**Your assignment**
What you produce should match the records below precisely, except that images are removed.

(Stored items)
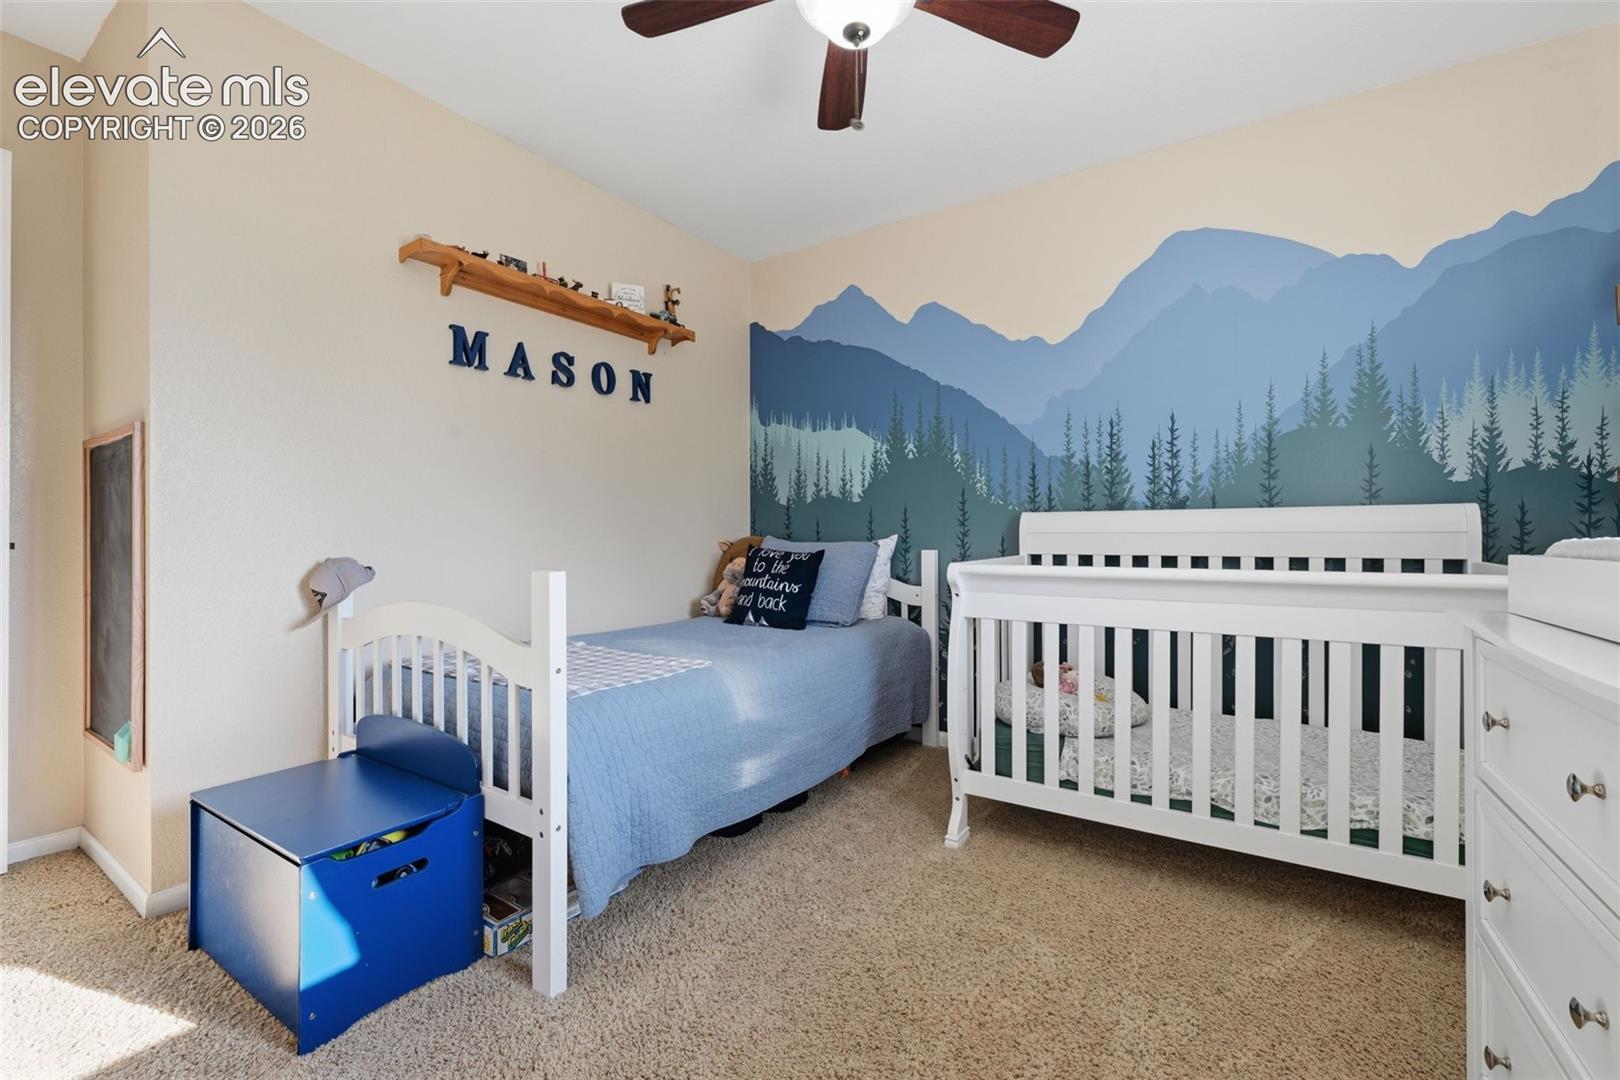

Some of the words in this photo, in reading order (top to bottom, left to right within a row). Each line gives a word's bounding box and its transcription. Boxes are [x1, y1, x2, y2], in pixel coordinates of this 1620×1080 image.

[448, 323, 653, 404] MASON
[752, 557, 766, 573] to
[771, 559, 790, 575] the
[786, 552, 811, 564] you
[741, 573, 802, 593] ountains
[757, 592, 787, 612] back
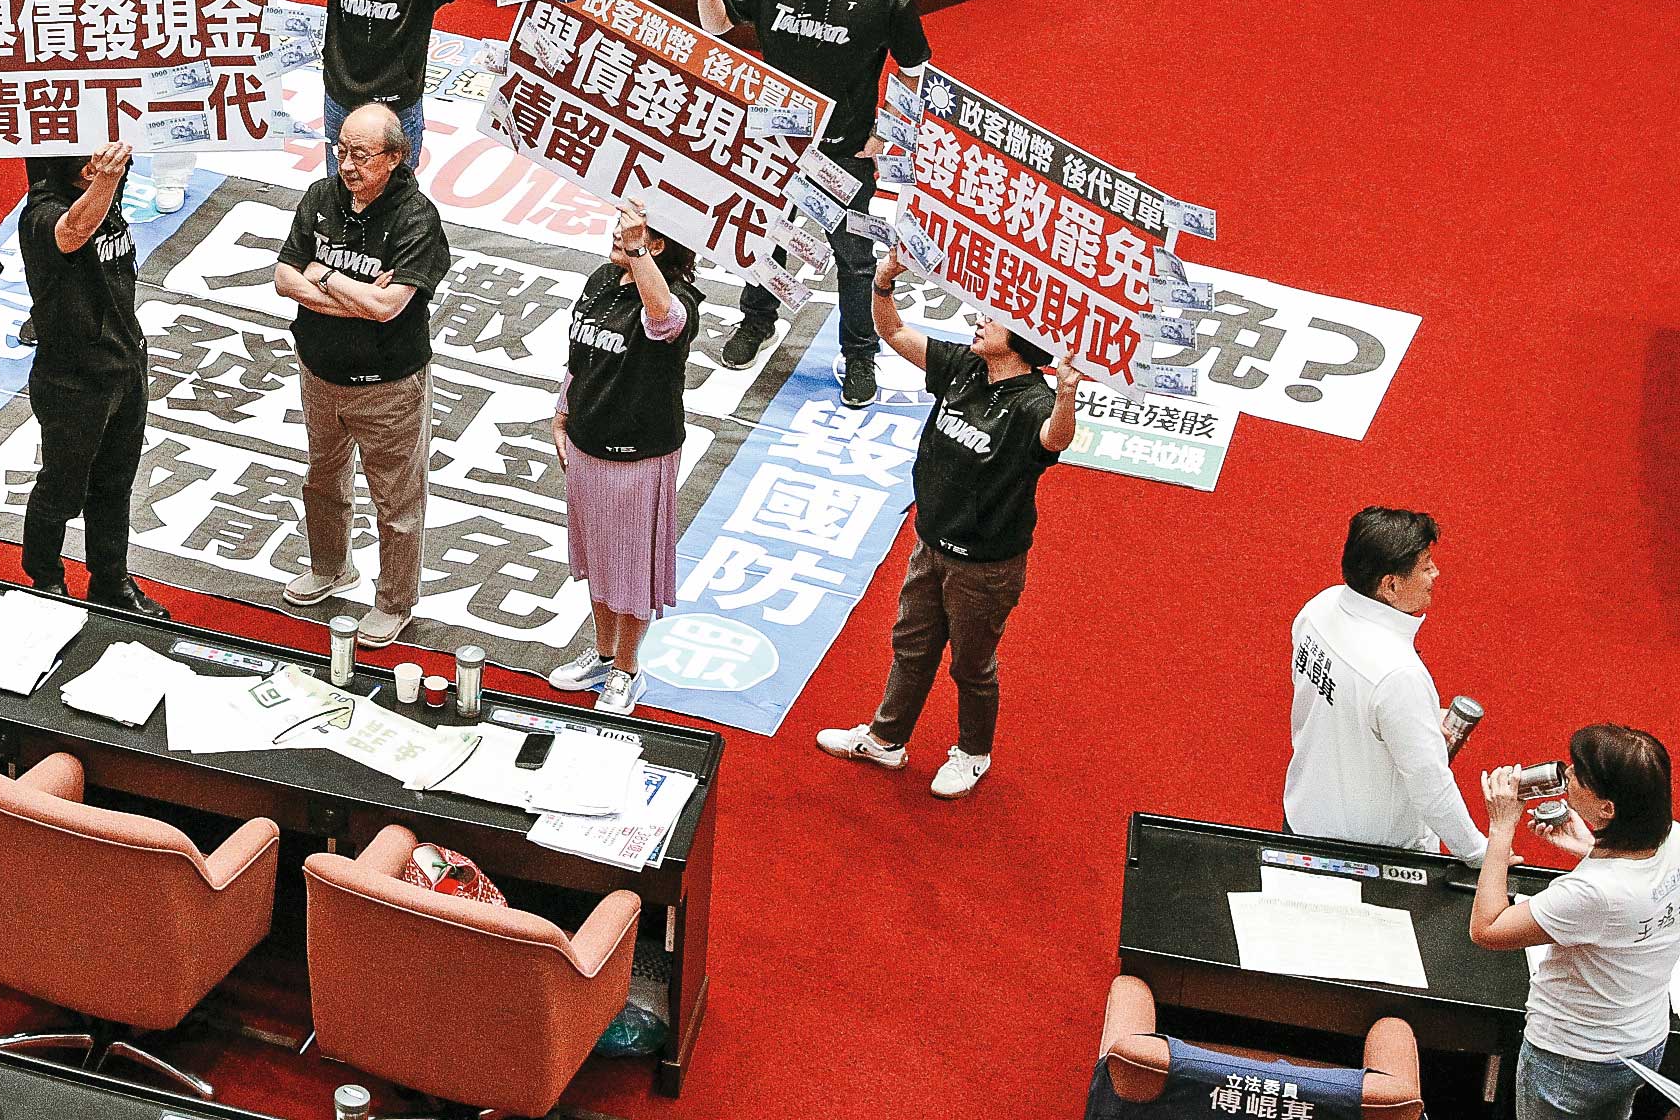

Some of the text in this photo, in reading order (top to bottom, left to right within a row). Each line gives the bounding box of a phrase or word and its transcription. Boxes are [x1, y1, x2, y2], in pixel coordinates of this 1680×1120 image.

[489, 76, 766, 269] 債留下一代
[518, 1, 800, 198] 舉債發現金
[959, 96, 1164, 234] 政客撒幣 後代買單
[917, 120, 1153, 307] 發錢救罷免
[677, 398, 929, 626] 毀國防
[1387, 866, 1423, 881] 009
[1226, 1073, 1299, 1099] 立法委員

**Task result**
Some of the words in this photo, in reading order (top to bottom, left to right within a row). Each line gives a word's bounding box and its transcription. Boxes are [x1, y1, x2, y2], in pixel coordinates of this 1620×1080 image.

[448, 323, 653, 404] MASON
[752, 557, 766, 573] to
[771, 559, 790, 575] the
[786, 552, 811, 564] you
[741, 573, 802, 593] ountains
[757, 592, 787, 612] back

Some of the text in this photo, in reading order (top to bottom, left to right within a row). Each line gives the bounding box of a phrase or word and its transcription. Boxes are [x1, y1, x2, y2], in pixel coordinates of this 1680×1120 image.

[489, 76, 766, 269] 債留下一代
[518, 1, 800, 198] 舉債發現金
[959, 96, 1164, 234] 政客撒幣 後代買單
[917, 120, 1153, 307] 發錢救罷免
[677, 398, 929, 626] 毀國防
[1387, 866, 1423, 881] 009
[1226, 1073, 1299, 1099] 立法委員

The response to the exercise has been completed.